Images for object localization:
=== Section Start ===

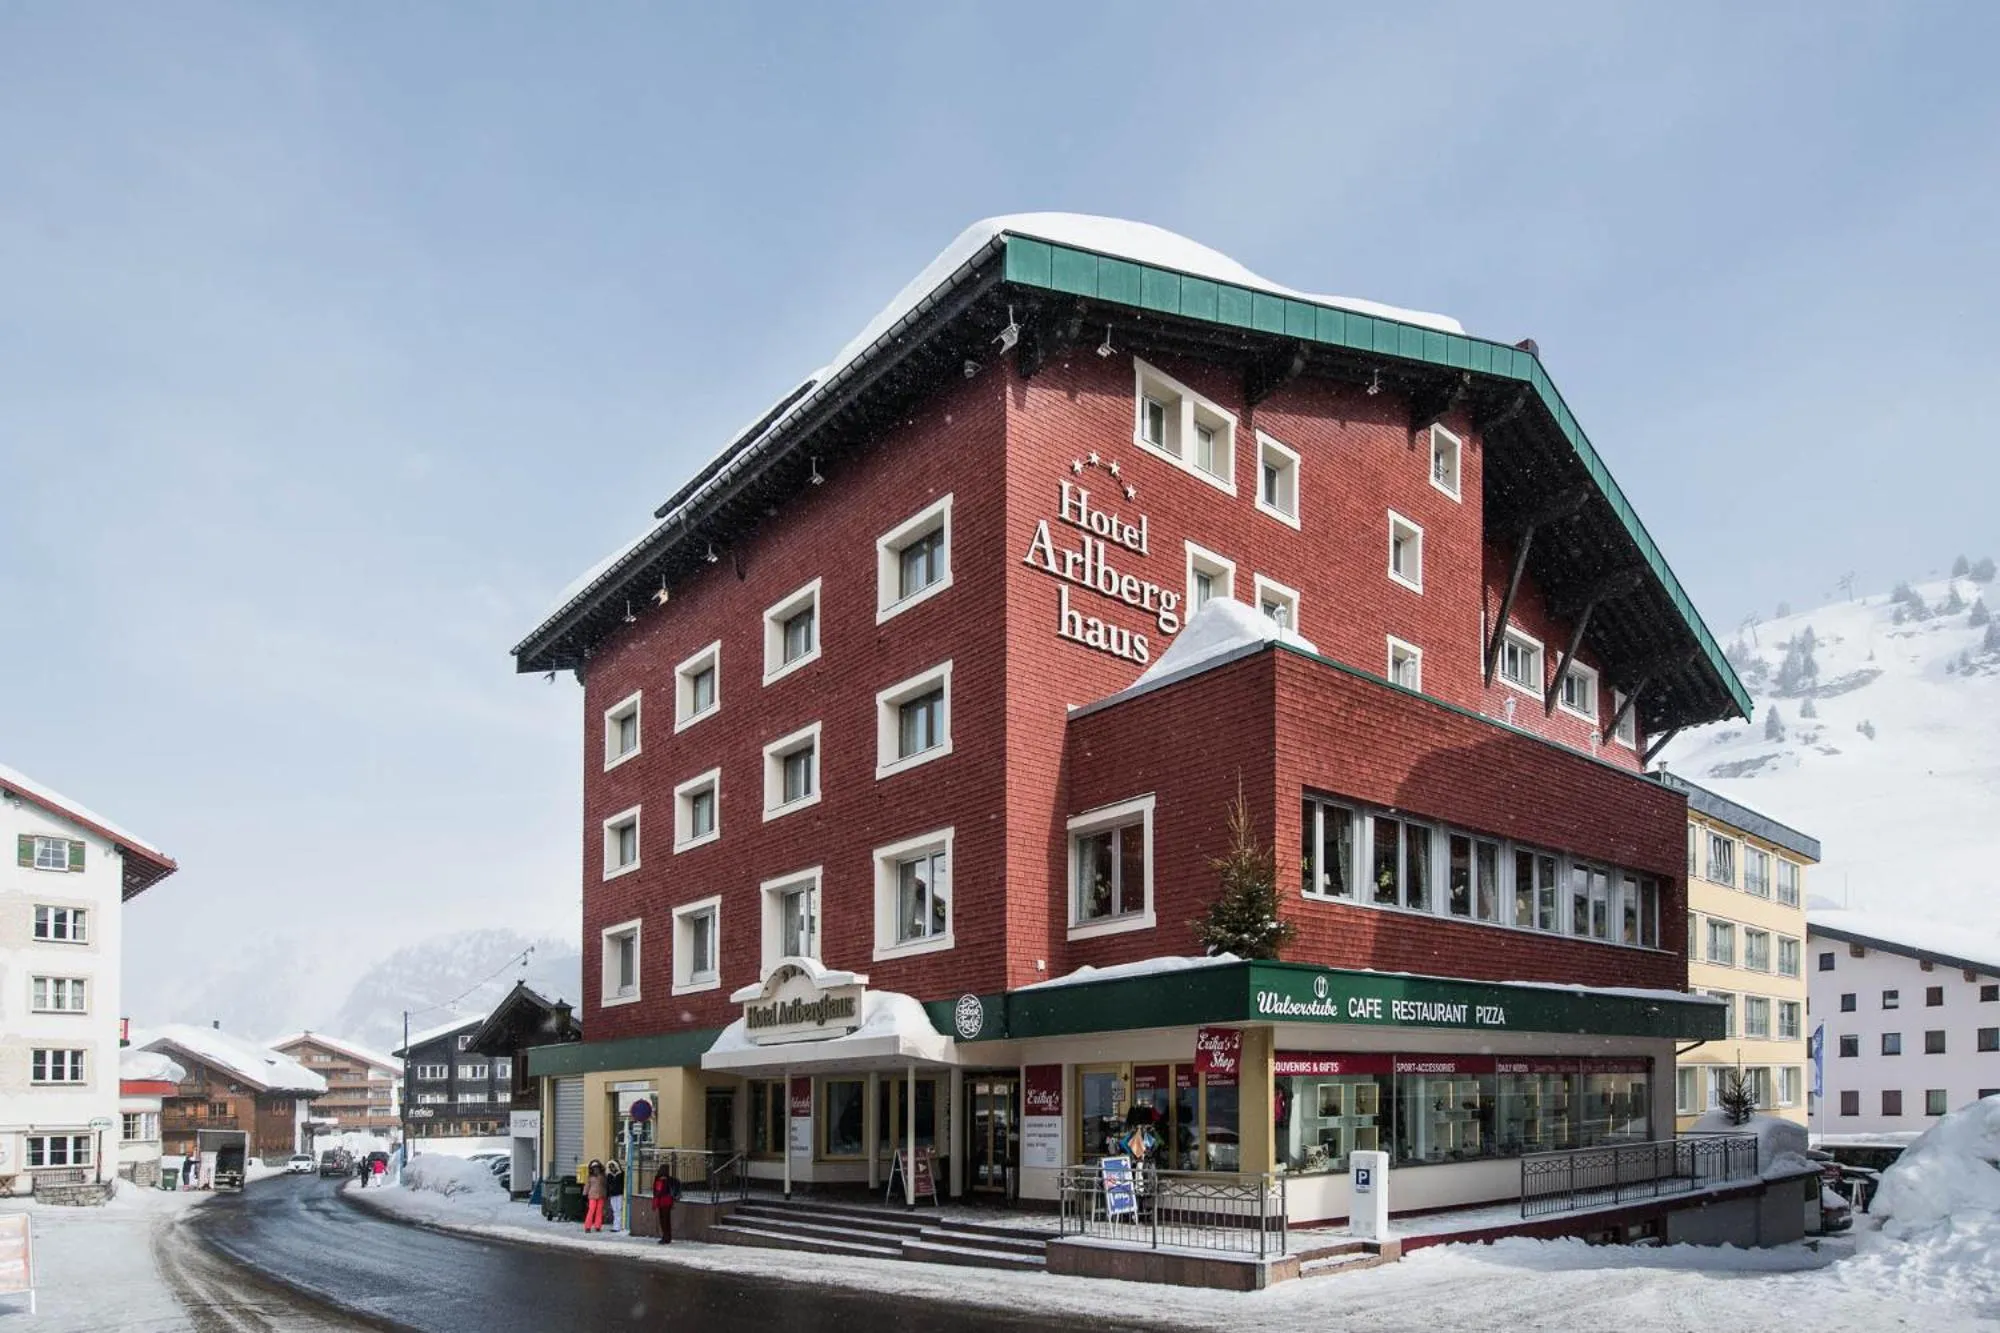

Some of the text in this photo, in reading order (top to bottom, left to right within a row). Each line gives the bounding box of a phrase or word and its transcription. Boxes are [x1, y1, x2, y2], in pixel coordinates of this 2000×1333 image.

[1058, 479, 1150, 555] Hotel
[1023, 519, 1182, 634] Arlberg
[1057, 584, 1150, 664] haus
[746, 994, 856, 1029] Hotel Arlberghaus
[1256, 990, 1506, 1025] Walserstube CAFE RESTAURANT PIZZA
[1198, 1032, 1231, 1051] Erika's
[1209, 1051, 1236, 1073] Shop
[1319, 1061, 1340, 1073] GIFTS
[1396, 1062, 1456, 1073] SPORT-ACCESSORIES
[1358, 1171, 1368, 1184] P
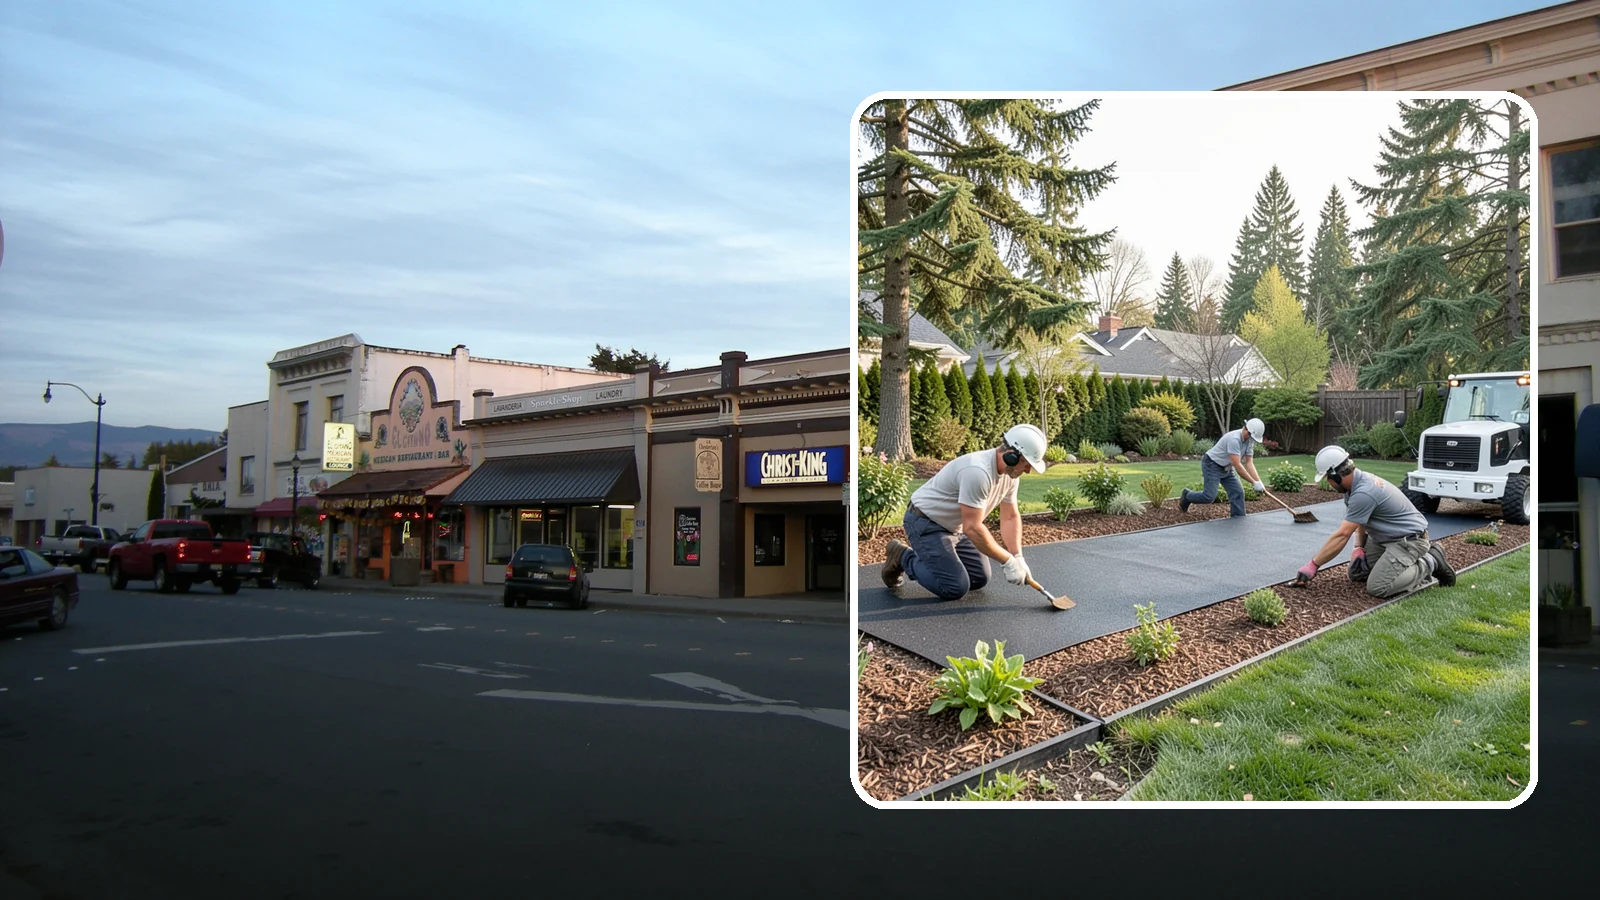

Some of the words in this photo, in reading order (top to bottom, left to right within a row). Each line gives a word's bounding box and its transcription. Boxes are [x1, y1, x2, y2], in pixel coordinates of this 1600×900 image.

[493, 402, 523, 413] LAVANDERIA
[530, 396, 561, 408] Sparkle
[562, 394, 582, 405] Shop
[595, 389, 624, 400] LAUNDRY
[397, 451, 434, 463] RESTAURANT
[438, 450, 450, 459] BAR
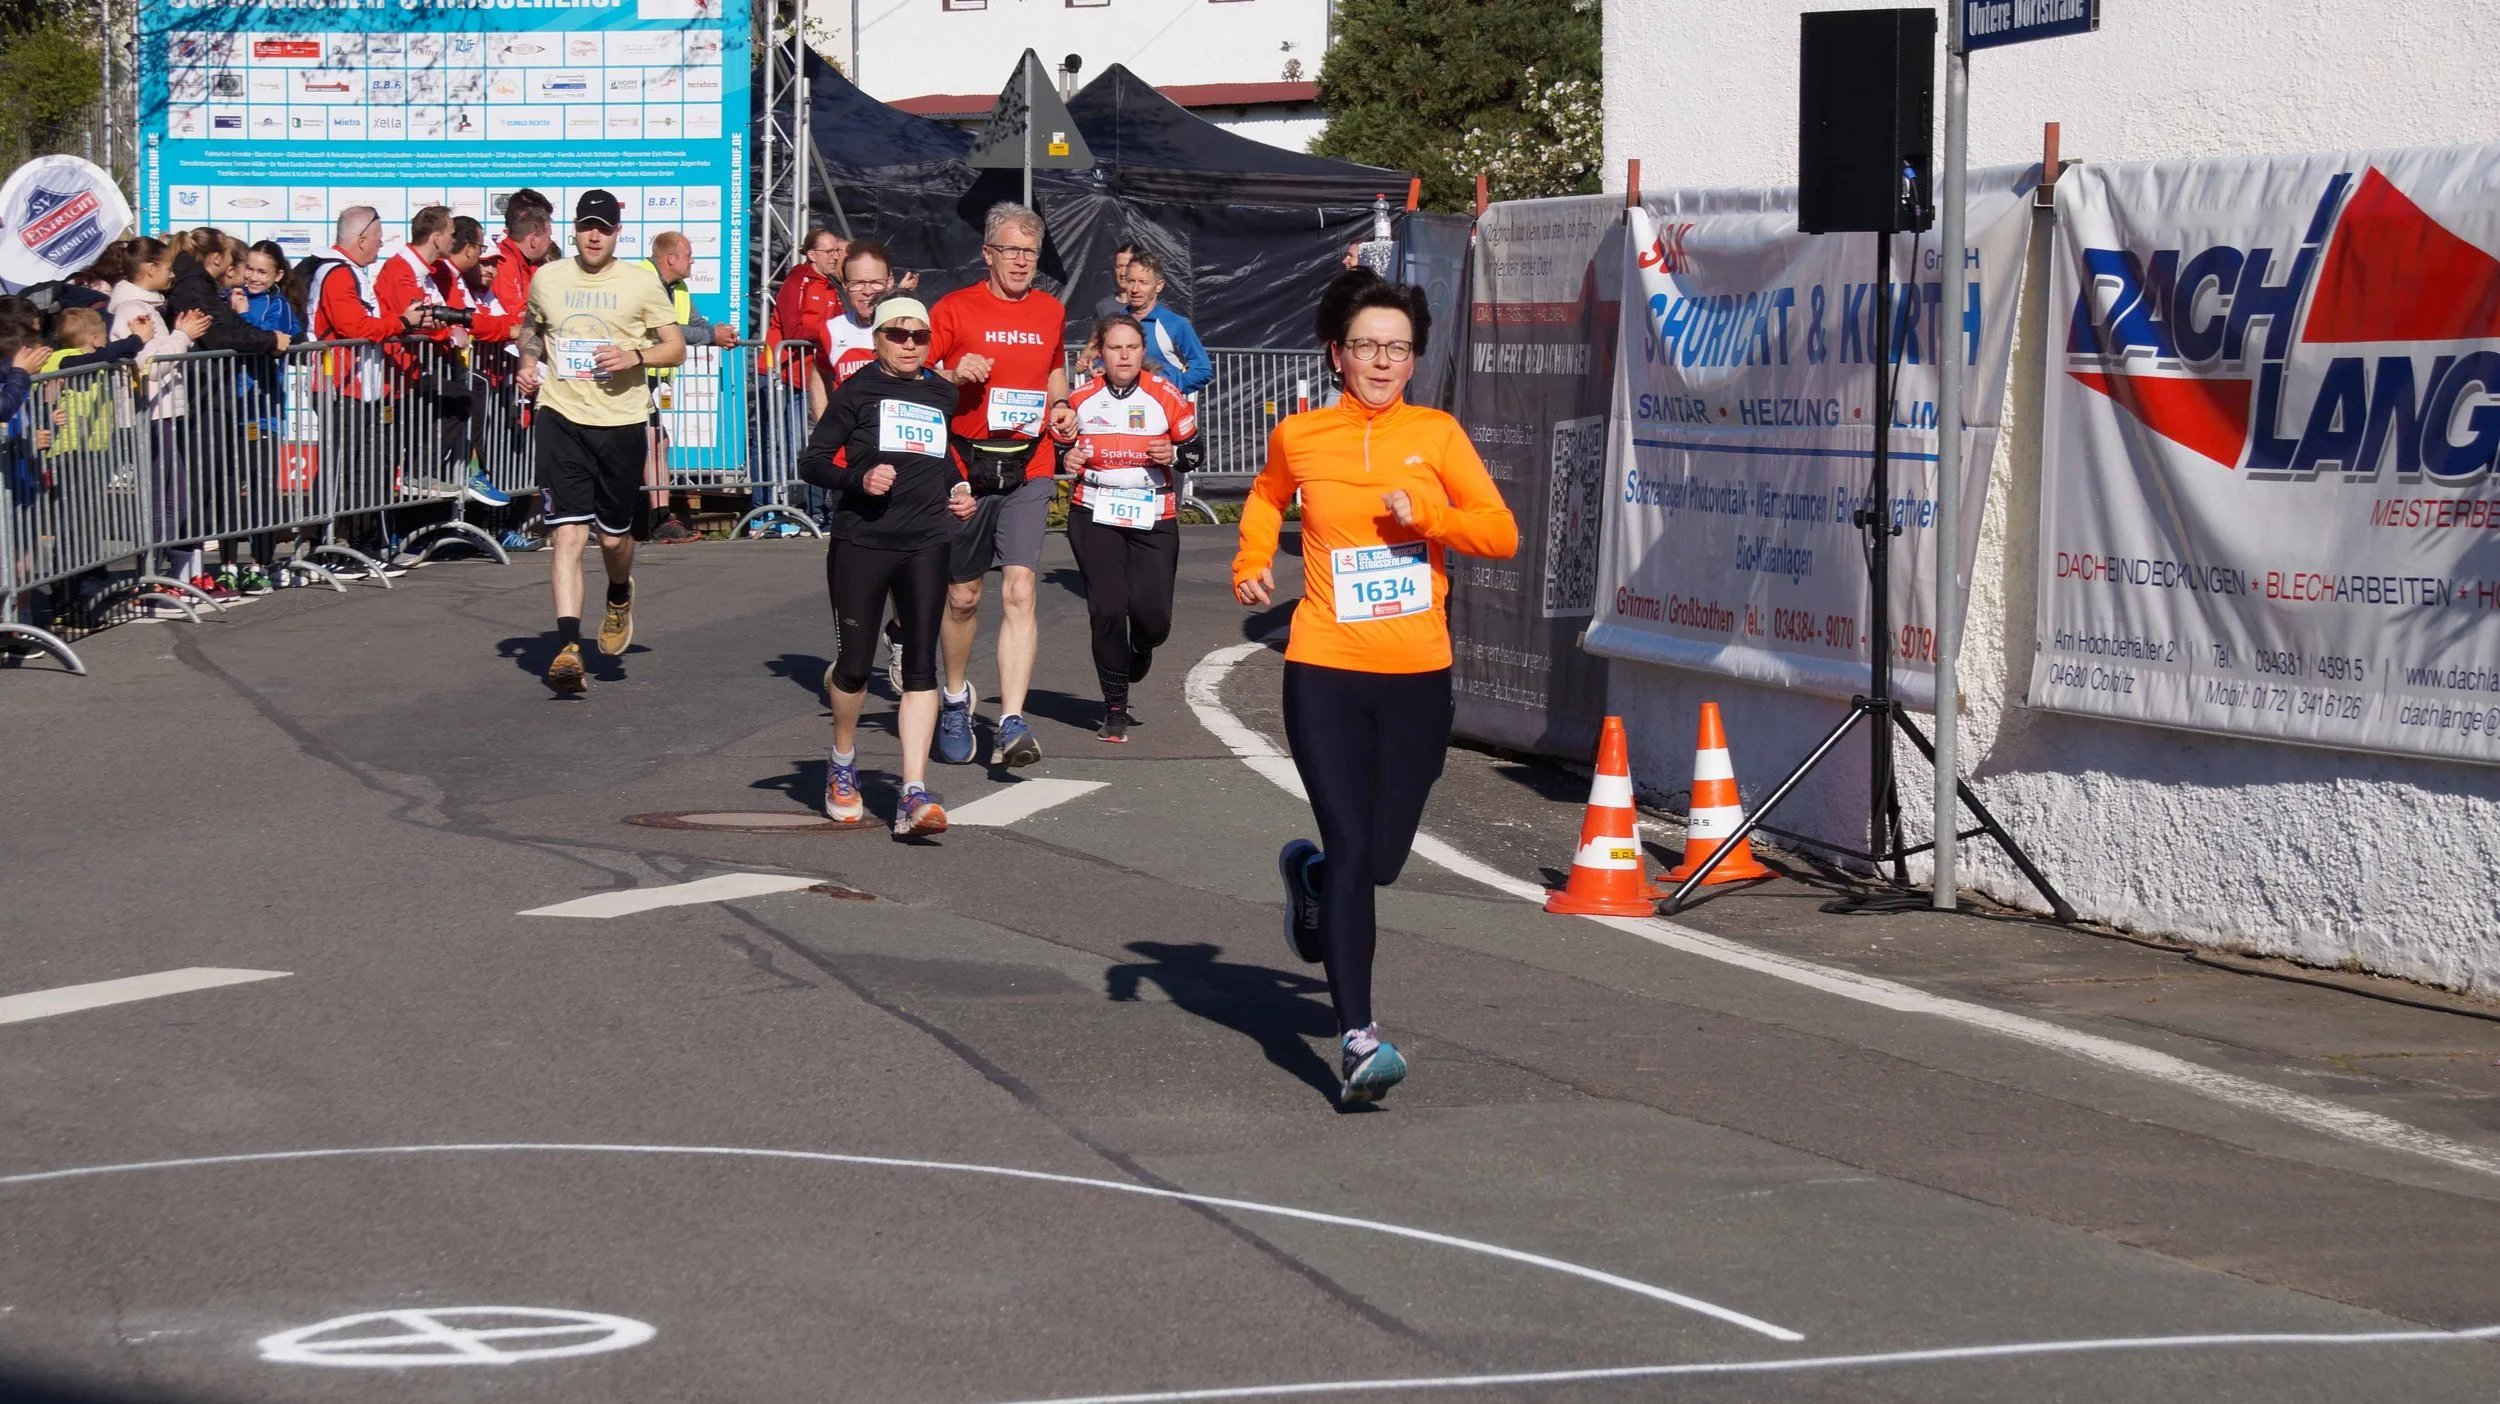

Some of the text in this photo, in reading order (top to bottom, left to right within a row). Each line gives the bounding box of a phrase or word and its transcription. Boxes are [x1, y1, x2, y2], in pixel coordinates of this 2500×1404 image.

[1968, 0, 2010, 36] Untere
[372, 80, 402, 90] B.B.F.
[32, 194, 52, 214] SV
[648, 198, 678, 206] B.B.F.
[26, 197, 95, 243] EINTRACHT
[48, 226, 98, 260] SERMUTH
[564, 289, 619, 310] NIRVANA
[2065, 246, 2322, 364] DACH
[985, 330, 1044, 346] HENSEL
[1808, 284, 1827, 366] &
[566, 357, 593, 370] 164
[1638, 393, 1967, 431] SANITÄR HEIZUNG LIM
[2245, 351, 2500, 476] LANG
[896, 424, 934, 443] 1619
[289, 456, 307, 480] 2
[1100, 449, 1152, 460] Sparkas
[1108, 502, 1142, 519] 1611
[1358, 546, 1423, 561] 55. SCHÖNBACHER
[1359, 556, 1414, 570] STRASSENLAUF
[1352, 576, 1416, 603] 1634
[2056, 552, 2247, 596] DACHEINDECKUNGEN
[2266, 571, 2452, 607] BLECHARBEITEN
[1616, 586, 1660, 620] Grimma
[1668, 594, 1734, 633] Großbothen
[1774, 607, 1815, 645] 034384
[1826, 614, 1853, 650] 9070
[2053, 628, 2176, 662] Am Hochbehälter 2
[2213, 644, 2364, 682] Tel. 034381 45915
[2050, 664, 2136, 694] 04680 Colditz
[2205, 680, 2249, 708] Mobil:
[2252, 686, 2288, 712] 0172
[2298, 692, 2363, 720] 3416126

=== Section End ===

**Problem statement:** Omit the pictures; set down each record exactly.

**Written response:**
Some of the text in this photo, in reading order (top to bottom, left to right within a row). Each line gives the bounding box of a phrase or word and its transcription. Boxes are [x1, y1, x2, y2], in pixel coordinates of this 2000×1333 image.

[1058, 479, 1150, 555] Hotel
[1023, 519, 1182, 634] Arlberg
[1057, 584, 1150, 664] haus
[746, 994, 856, 1029] Hotel Arlberghaus
[1256, 990, 1506, 1025] Walserstube CAFE RESTAURANT PIZZA
[1198, 1032, 1231, 1051] Erika's
[1209, 1051, 1236, 1073] Shop
[1319, 1061, 1340, 1073] GIFTS
[1396, 1062, 1456, 1073] SPORT-ACCESSORIES
[1358, 1171, 1368, 1184] P

Some of the words in this photo, in reading order (top to bottom, left to right within a row). Each line gives a word's bounding box and its transcription. Boxes are [x1, y1, x2, y2], in pixel coordinates of this 1600×900 image.

[493, 402, 523, 413] LAVANDERIA
[530, 396, 561, 408] Sparkle
[562, 394, 582, 405] Shop
[595, 389, 624, 400] LAUNDRY
[397, 451, 434, 463] RESTAURANT
[438, 450, 450, 459] BAR

Some of the text in this photo, in reading order (top to bottom, left to right within a row). Each line gives the bounding box of a phrase or word and its transcription. Boxes are [x1, y1, x2, y2], in pixel coordinates of this 2500×1404 image.

[1968, 0, 2010, 36] Untere
[372, 80, 402, 90] B.B.F.
[32, 194, 52, 214] SV
[648, 198, 678, 206] B.B.F.
[26, 197, 95, 243] EINTRACHT
[48, 226, 98, 260] SERMUTH
[564, 289, 619, 310] NIRVANA
[2065, 246, 2322, 364] DACH
[985, 330, 1044, 346] HENSEL
[1808, 284, 1827, 366] &
[566, 357, 593, 370] 164
[1638, 393, 1967, 431] SANITÄR HEIZUNG LIM
[2245, 351, 2500, 476] LANG
[896, 424, 934, 443] 1619
[289, 456, 307, 480] 2
[1100, 449, 1152, 460] Sparkas
[1108, 502, 1142, 519] 1611
[1358, 546, 1423, 561] 55. SCHÖNBACHER
[1359, 556, 1414, 570] STRASSENLAUF
[1352, 576, 1416, 603] 1634
[2056, 552, 2247, 596] DACHEINDECKUNGEN
[2266, 571, 2452, 607] BLECHARBEITEN
[1616, 586, 1660, 620] Grimma
[1668, 594, 1734, 633] Großbothen
[1774, 607, 1815, 645] 034384
[1826, 614, 1853, 650] 9070
[2053, 628, 2176, 662] Am Hochbehälter 2
[2213, 644, 2364, 682] Tel. 034381 45915
[2050, 664, 2136, 694] 04680 Colditz
[2205, 680, 2249, 708] Mobil:
[2252, 686, 2288, 712] 0172
[2298, 692, 2363, 720] 3416126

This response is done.